[Start of section]

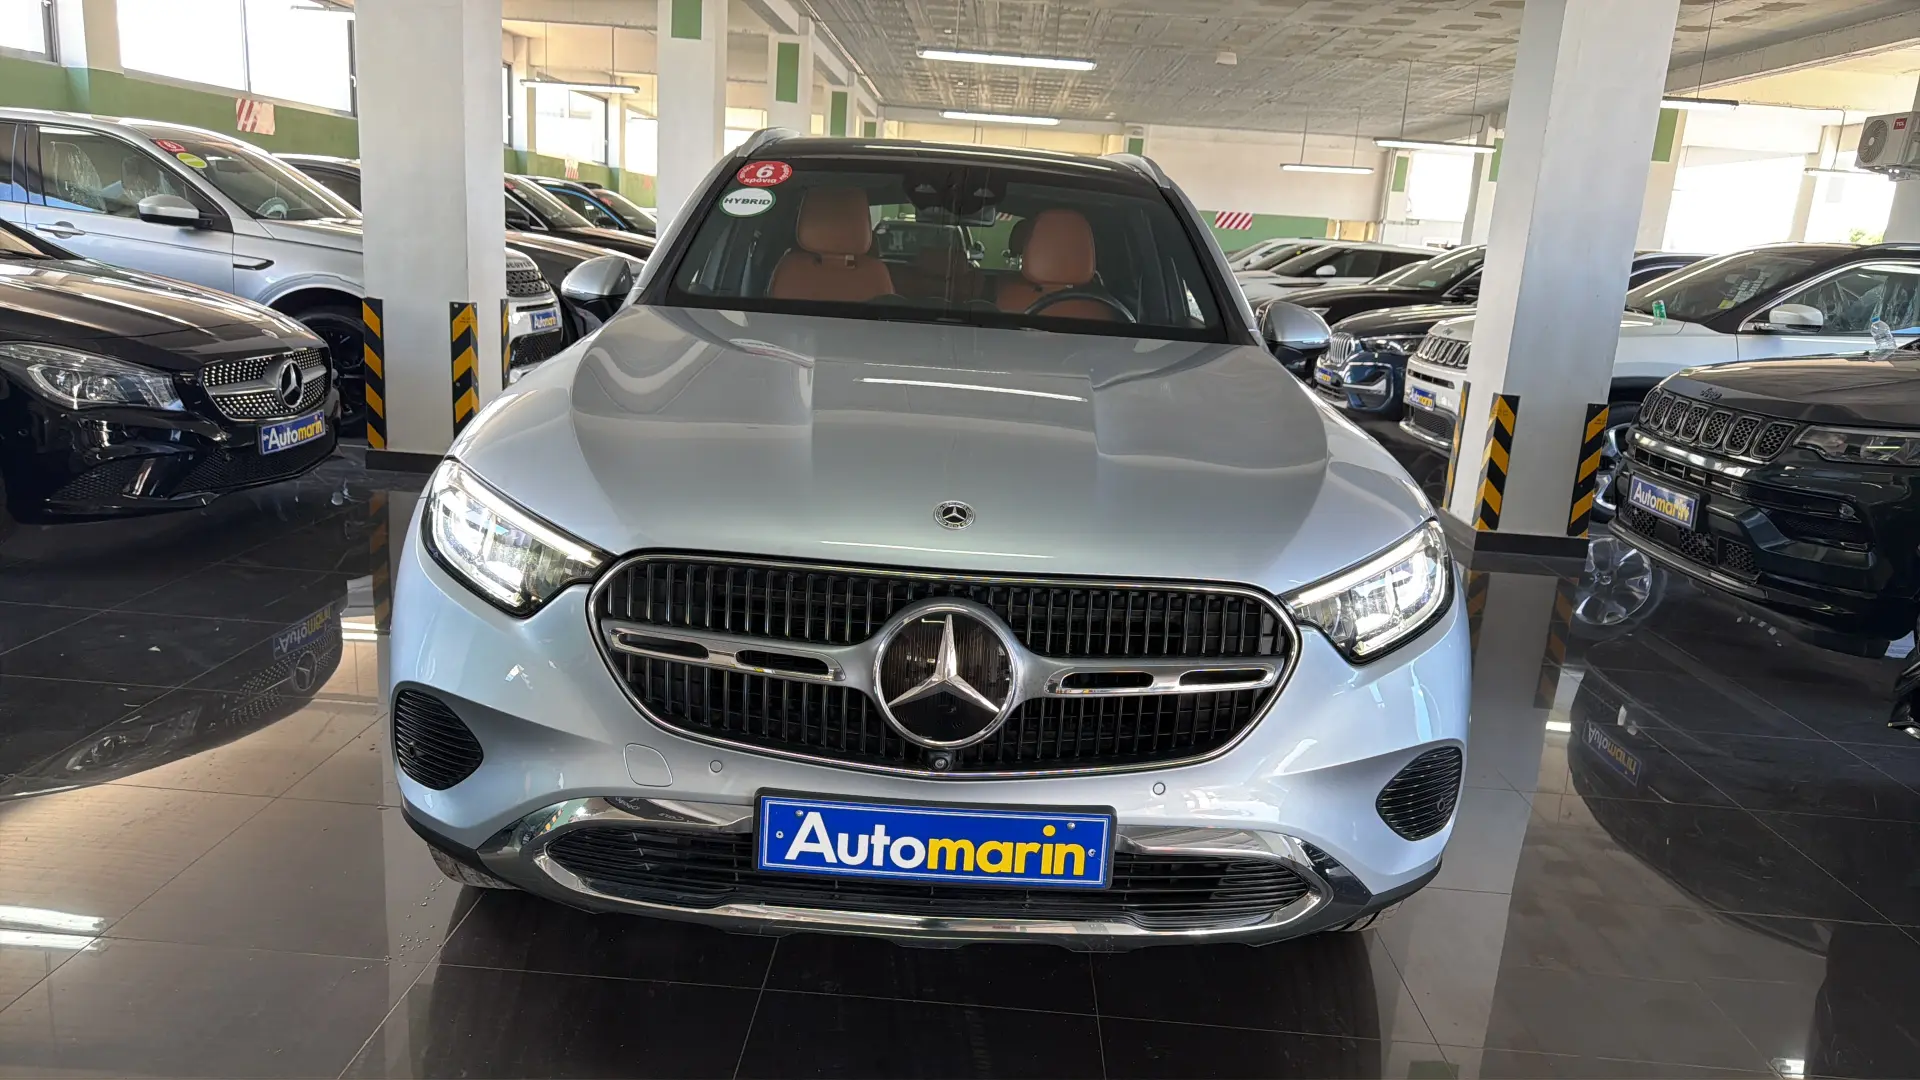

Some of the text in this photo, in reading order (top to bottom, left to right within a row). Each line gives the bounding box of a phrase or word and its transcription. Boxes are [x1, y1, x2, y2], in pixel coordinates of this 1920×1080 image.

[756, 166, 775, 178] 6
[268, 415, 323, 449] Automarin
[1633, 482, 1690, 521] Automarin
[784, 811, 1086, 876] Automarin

[End of section]

#### THE TASK:
Recopy the whole listing above precisely, excluding images.

#### RESULT OF THIS TASK:
Some of the text in this photo, in reading order (top to bottom, left to right within a row). Each line gives the bounding box of a phrase or word and its transcription. Boxes are [x1, y1, x2, y2], in pixel coordinates of this 1920×1080 image.

[756, 166, 775, 178] 6
[268, 415, 323, 449] Automarin
[1633, 482, 1690, 521] Automarin
[784, 811, 1086, 876] Automarin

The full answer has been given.